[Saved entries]
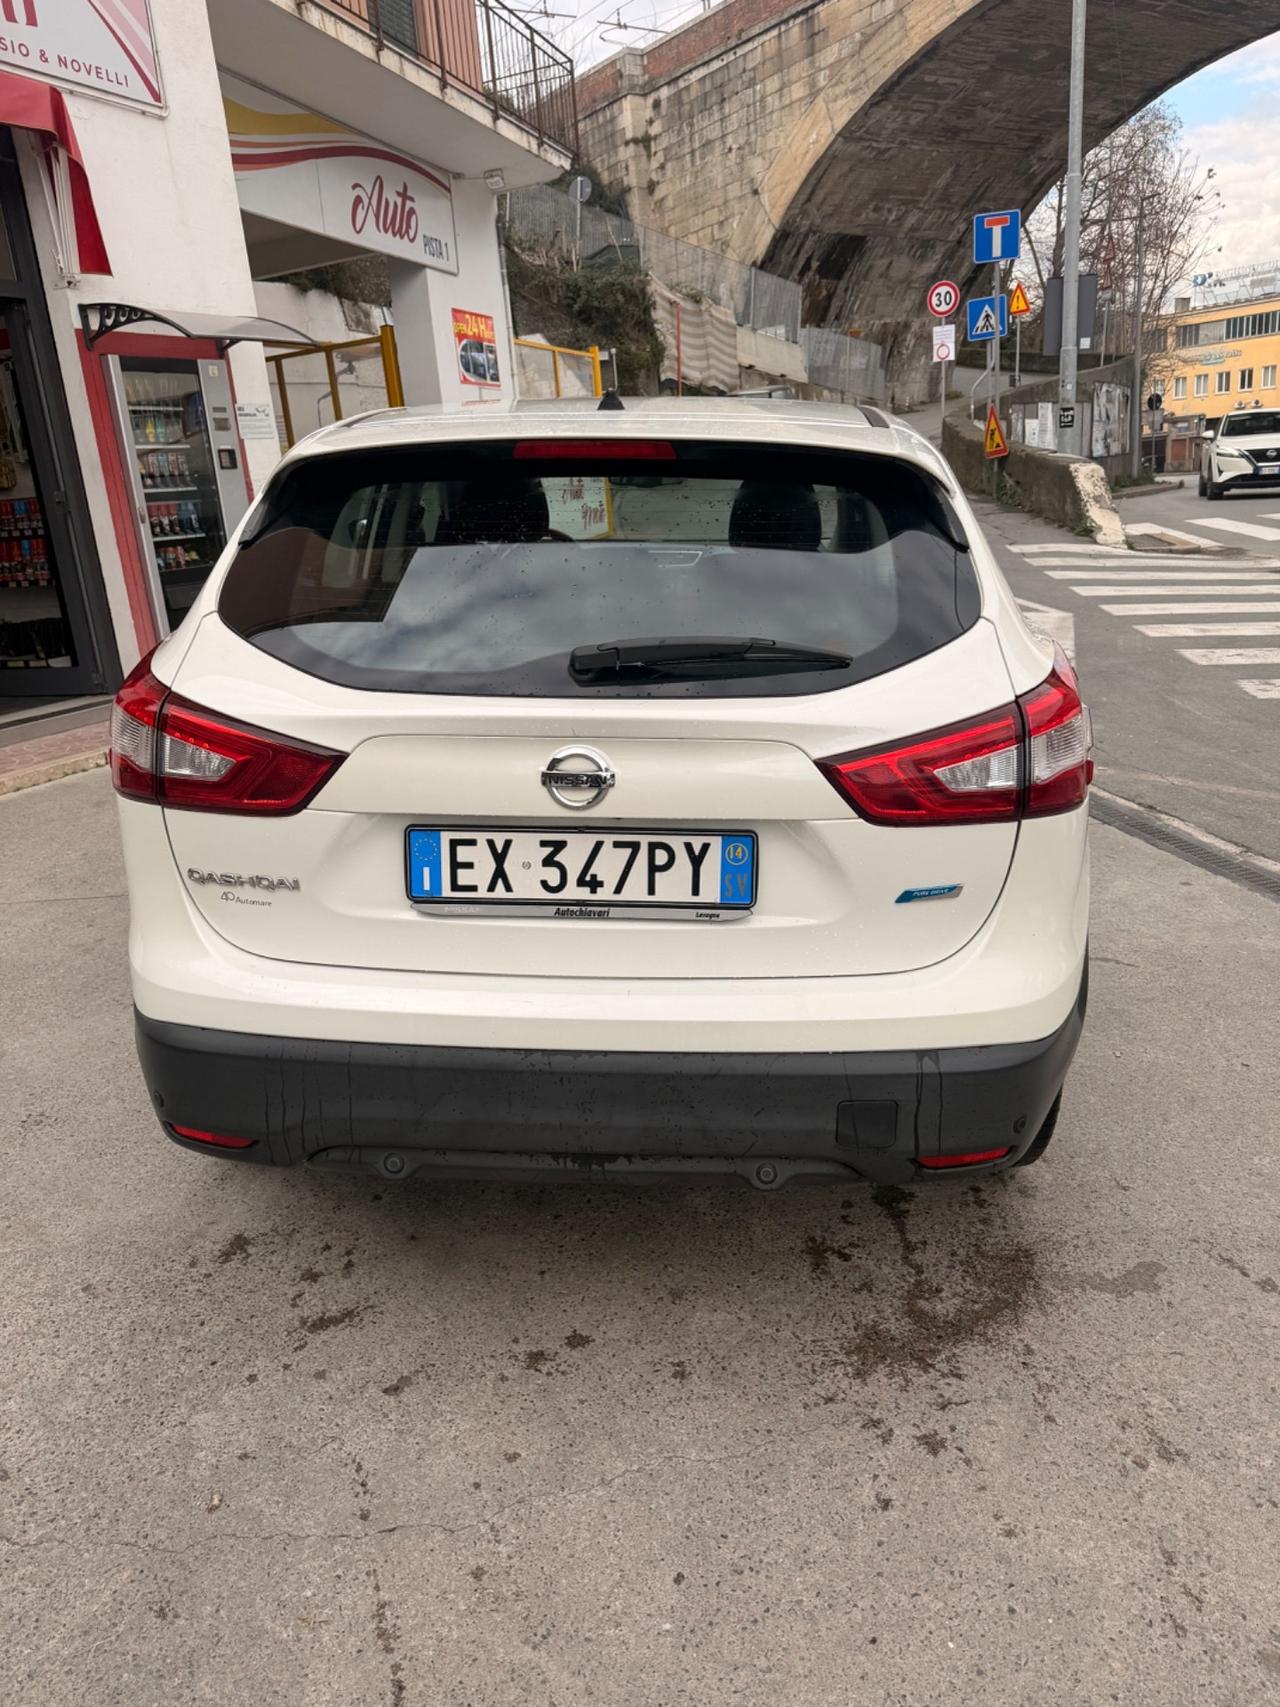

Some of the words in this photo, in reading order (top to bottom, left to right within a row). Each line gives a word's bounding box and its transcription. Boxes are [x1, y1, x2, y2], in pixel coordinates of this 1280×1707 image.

[39, 48, 49, 63] &
[57, 54, 130, 88] NOVELLI
[351, 175, 419, 244] Auto
[423, 234, 444, 260] PISTA
[443, 242, 450, 262] 1
[935, 290, 953, 308] 30
[548, 774, 608, 786] NISSAN
[729, 845, 743, 860] 14
[187, 867, 300, 892] QASHQAI
[449, 838, 514, 893] EX
[539, 839, 712, 897] 347PY
[724, 872, 748, 898] SV
[554, 907, 611, 918] Autochiavari

Exercise objective — Could you write out every record exactly, leaving the pictures out?

Task solution —
Some of the words in this photo, in reading order (top to bottom, left to right within a row). Each line gives a word's bounding box and its transcription. Boxes are [x1, y1, x2, y2], in pixel coordinates of this 1280×1707 image.

[39, 48, 49, 63] &
[57, 54, 130, 88] NOVELLI
[351, 175, 419, 244] Auto
[423, 234, 444, 260] PISTA
[443, 242, 450, 262] 1
[935, 290, 953, 308] 30
[548, 774, 608, 786] NISSAN
[729, 845, 743, 860] 14
[187, 867, 300, 892] QASHQAI
[449, 838, 514, 893] EX
[539, 839, 712, 897] 347PY
[724, 872, 748, 898] SV
[554, 907, 611, 918] Autochiavari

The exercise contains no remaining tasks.